Таким образом, мало-помалу на место глубокомысленного толкования вечно неизменных проблем выступило историческое и даже филологическое взвешиванье и вопрошанье; что думал или ничего не думал тот или иной философ, имеем ли мы право приписывать ему то или другое сочинение или даже какому разночтению отдать предпочтение. К такому нейтральному обращению с философией приучатся теперь студенты в философских семинарах наших университетов. Поэтому я уже давно взял за обыкновение рассматривать подобную науку как разветвление филологии и оценивать ее представителей постольку, поскольку они хорошие или плохие филологи. Но благодаря этому сама философия изгнана из университета; чем и дан ответ на ваш первый вопрос об образовательной ценности университетов.

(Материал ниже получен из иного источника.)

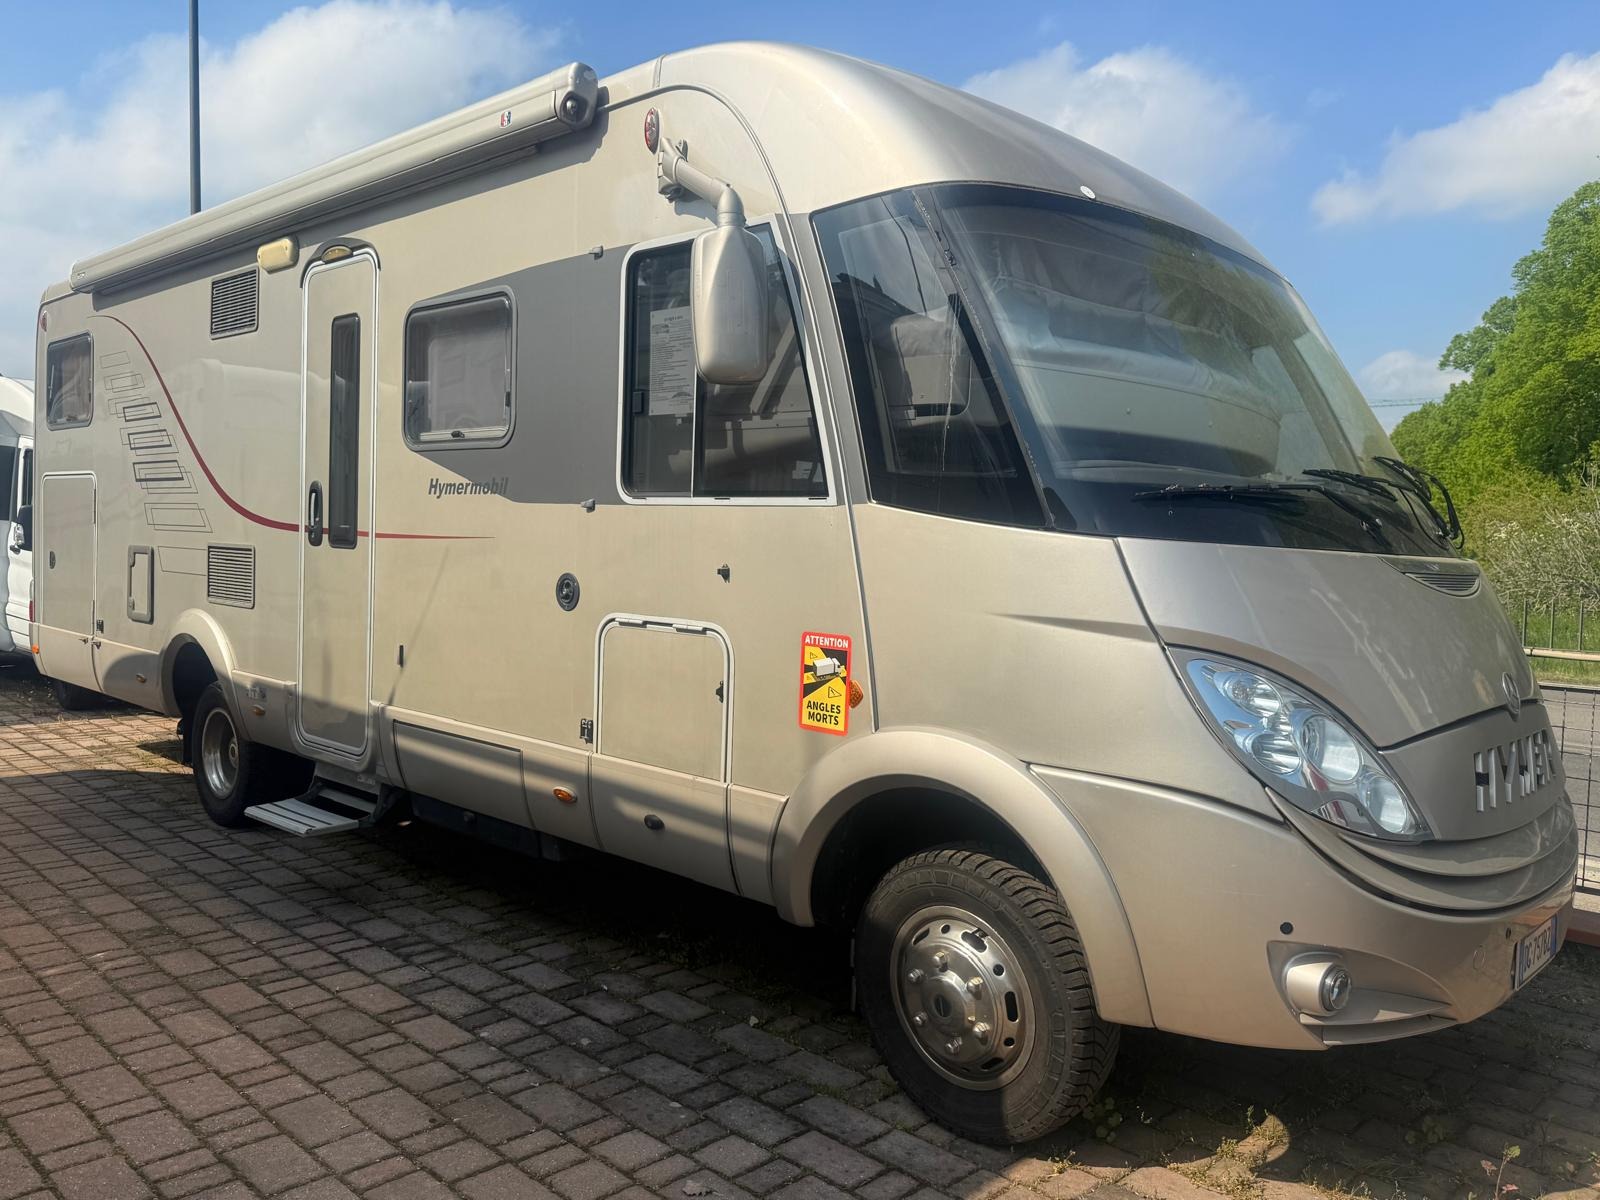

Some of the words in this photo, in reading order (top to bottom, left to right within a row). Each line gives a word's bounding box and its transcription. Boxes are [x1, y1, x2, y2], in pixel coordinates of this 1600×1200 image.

[428, 477, 509, 499] Hymermobil
[804, 635, 849, 648] ATTENTION
[806, 700, 841, 714] ANGLES
[807, 711, 839, 726] MORTS
[1473, 728, 1556, 812] HYMER
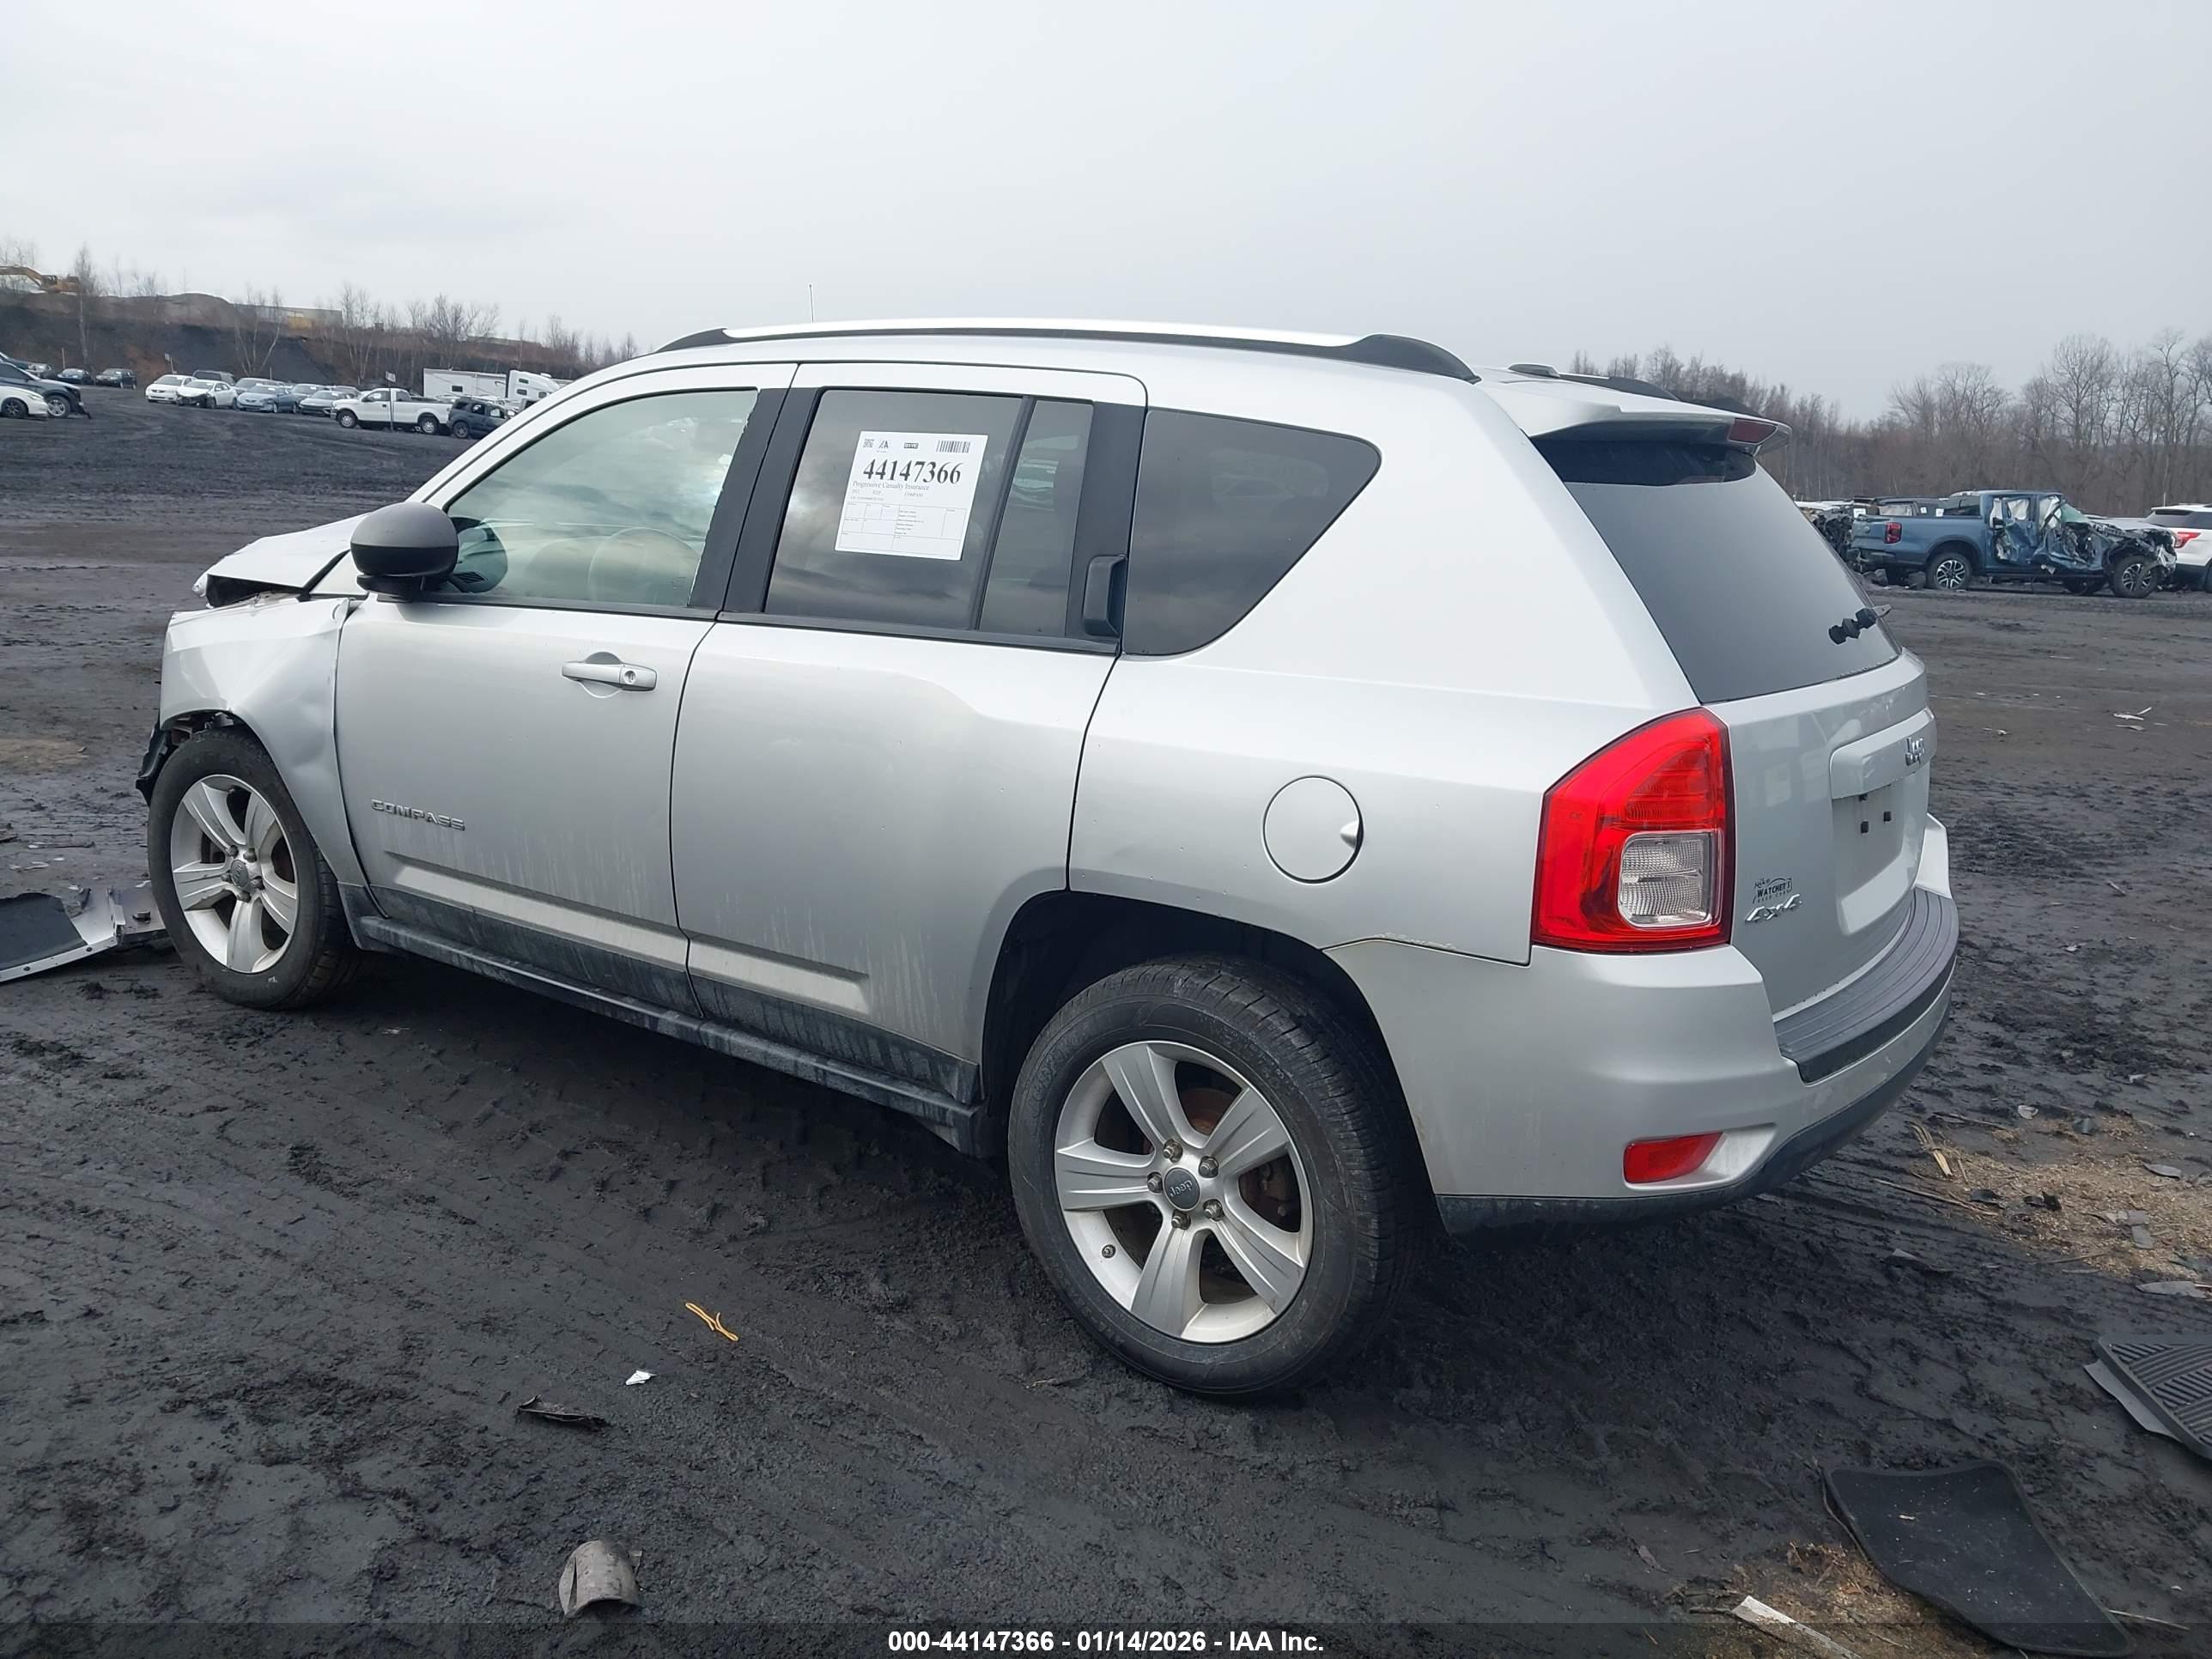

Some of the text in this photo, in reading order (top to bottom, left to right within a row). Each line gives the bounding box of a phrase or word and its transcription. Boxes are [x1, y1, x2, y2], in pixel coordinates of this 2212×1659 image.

[863, 459, 964, 484] 44147366
[371, 798, 465, 831] COMPASS
[1170, 1180, 1193, 1197] Jeep
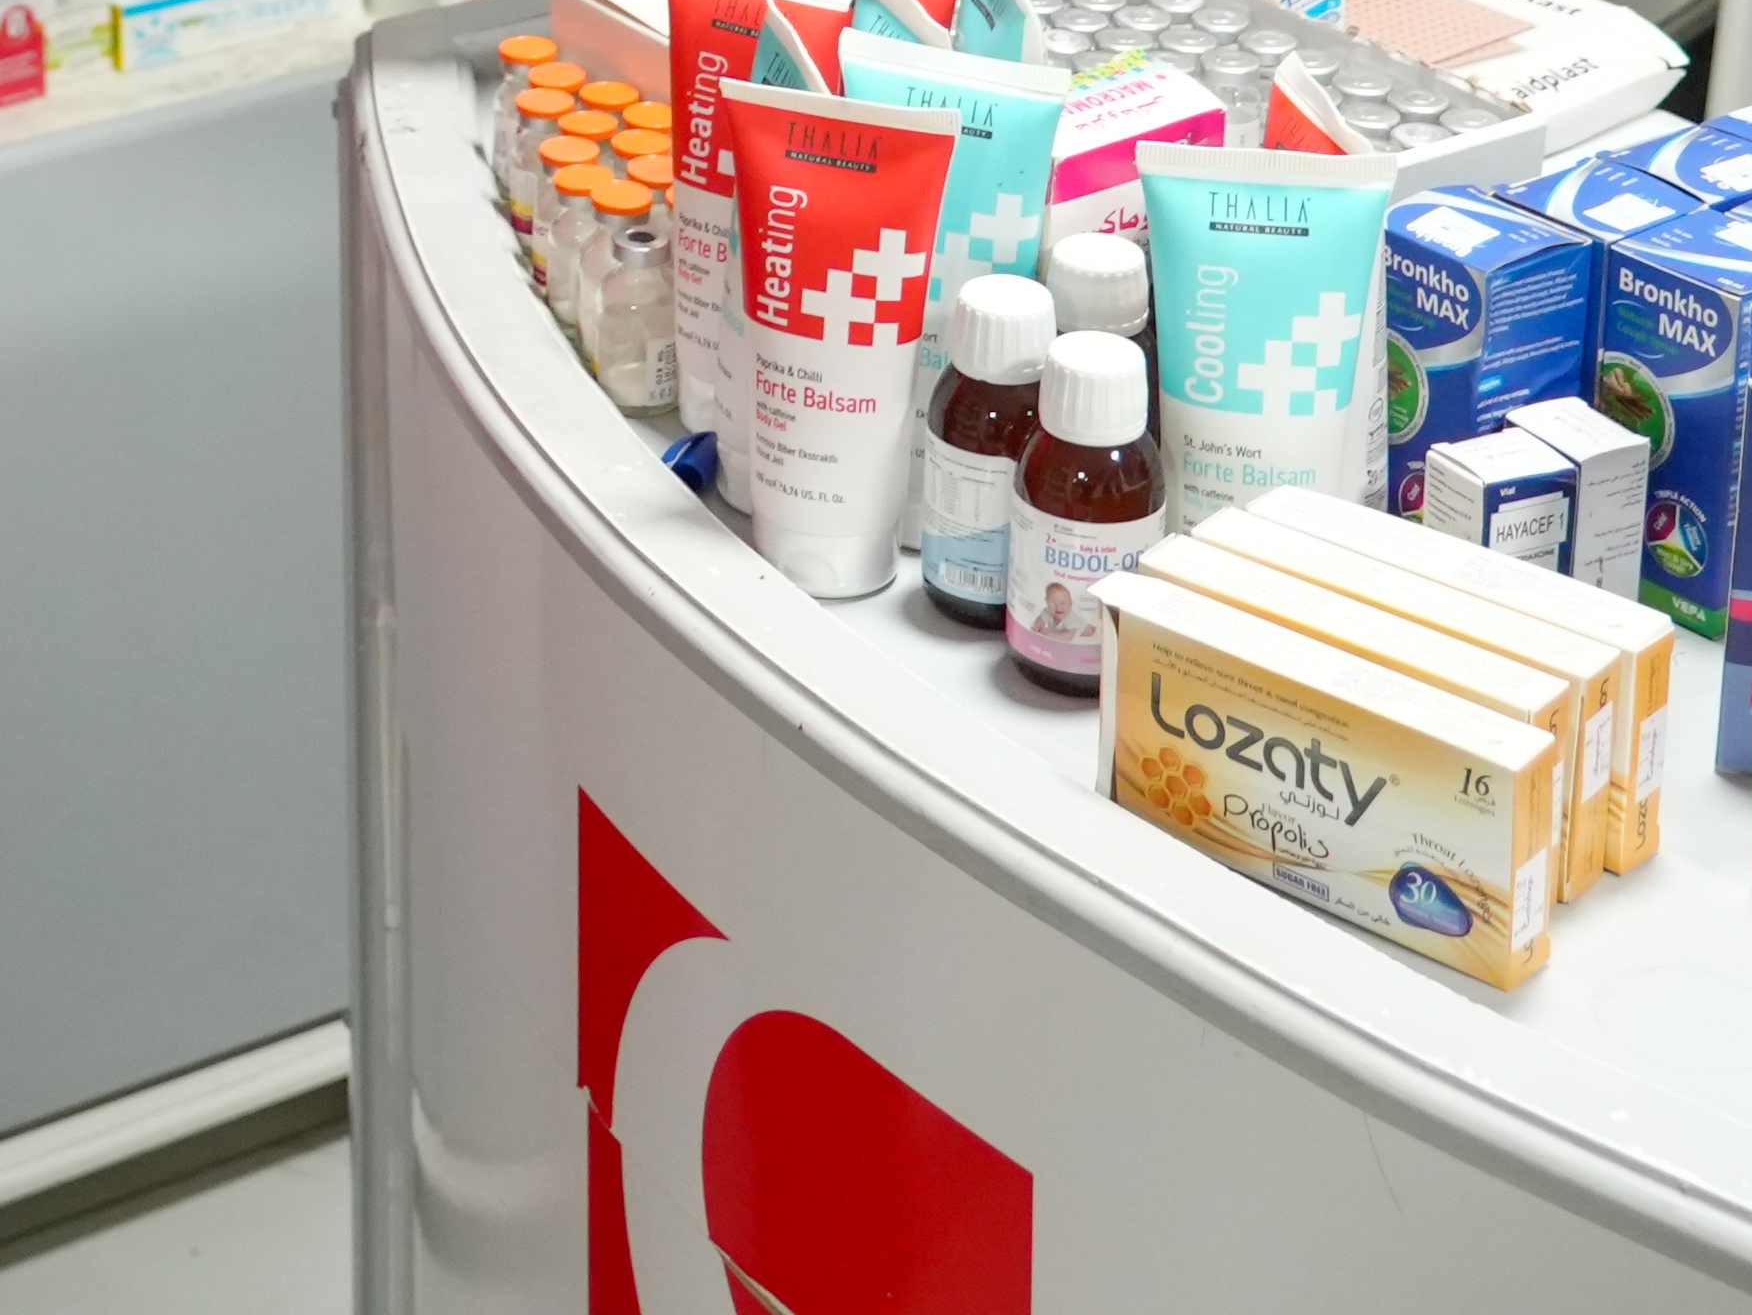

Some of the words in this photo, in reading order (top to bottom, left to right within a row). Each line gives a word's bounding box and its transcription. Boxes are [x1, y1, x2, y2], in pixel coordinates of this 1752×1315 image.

[1511, 55, 1599, 101] aidplast
[680, 49, 729, 185] Heating
[1062, 79, 1156, 118] MACROMA
[787, 120, 882, 160] THALIA
[790, 151, 834, 166] NATURAL
[835, 158, 873, 173] BEAUTY
[1207, 189, 1313, 225] THALIA
[678, 228, 712, 258] Forte
[1214, 221, 1259, 235] NATURAL
[1263, 225, 1305, 237] BEAUTY
[756, 184, 809, 327] Heating
[1415, 286, 1470, 331] MAX
[1618, 267, 1719, 329] Bronkho
[1184, 262, 1240, 404] Cooling
[1657, 312, 1718, 358] MAX
[756, 370, 797, 405] Forte
[803, 386, 877, 414] Balsam
[1202, 436, 1233, 458] John's
[1234, 444, 1263, 460] Wort
[1183, 454, 1235, 485] Forte
[1240, 462, 1317, 489] Balsam
[1499, 485, 1516, 498] Vial
[1495, 513, 1555, 543] HAYACEF
[1557, 511, 1565, 529] 1
[1150, 670, 1387, 828] Lozaty
[1457, 766, 1493, 798] 16
[1410, 831, 1459, 863] Throat
[1399, 870, 1438, 906] 30

Об отношении этого самого университета к искусству нельзя говорить без стыда: этого отношения совсем не существует. Здесь нельзя найти даже намека на художественное размышление, изучение, стремление, сравнение, и даже о подаче университетом голоса для поощрения самых важных национальных художественных замыслов никто не будет говорить серьезно. При этом, конечно, не может идти в счет случайная личная причастность к искусству отдельного учителя или существование кафедры для эстетизирующих литературных критиков. Но как целое университет не в состоянии держать академическую молодежь в строгой художественной дисциплине, и если он здесь, обнаруживая полное безволие, дает совершаться тому, что совершается, то в этом заключается безжалостная критика его неумеренного притязания представлять собой высшее учебное заведение.

Без философии, без искусства живут наши самостоятельные академики. Откуда же у них может явиться потребность заняться греками и римлянами, стимулировать пристрастие к которым уже теперь никто не имеет основания и которые к тому же восседают в труднодоступном уединении и царственной отчужденности. Поэтому университеты нашего времени вполне последовательно совершенно не считаются такого рода отжившими образовательными склонностями и продолжают основывать свои филологические профессуры для воспитания новых исключительных поколений филологов, которым, в свою очередь, предстоит заняться филологическим воспитанием гимназистов, но в третий раз обличающий университет в том, что последний на самом деле не то, за что хвастливо желал бы выдавать себя, т. е. не образовательное учреждение. Когда вы отбросите и греков вслед за философией и искусством, то по какой лестнице подниметесь вы до образования? Ибо при попытке взобраться но лестницу без их помощи ваша ученость — позвольте это вам сказать — будет висеть у вас на шее в виде мертвого груза, вместо того чтобы окрылять вас и поднимать вверх.

Если вы, как честные люди, остались честными на этих трех ступенях познания и признали, что современный студент не способен и не подготовлен к философии, лишен инстинкта к истинному искусству и является по сравнению с греками только варваром, мнящим себя свободным, то вы не станете обиженно убегать от него, хотя, быть может, охотно уклонились бы от слишком близкого соприкосновения с ним. Ибо в том, что он таков, он не виновен. Будучи таким, каким вы его узнали, он молчаливо, но беспощадно обвиняет виновных.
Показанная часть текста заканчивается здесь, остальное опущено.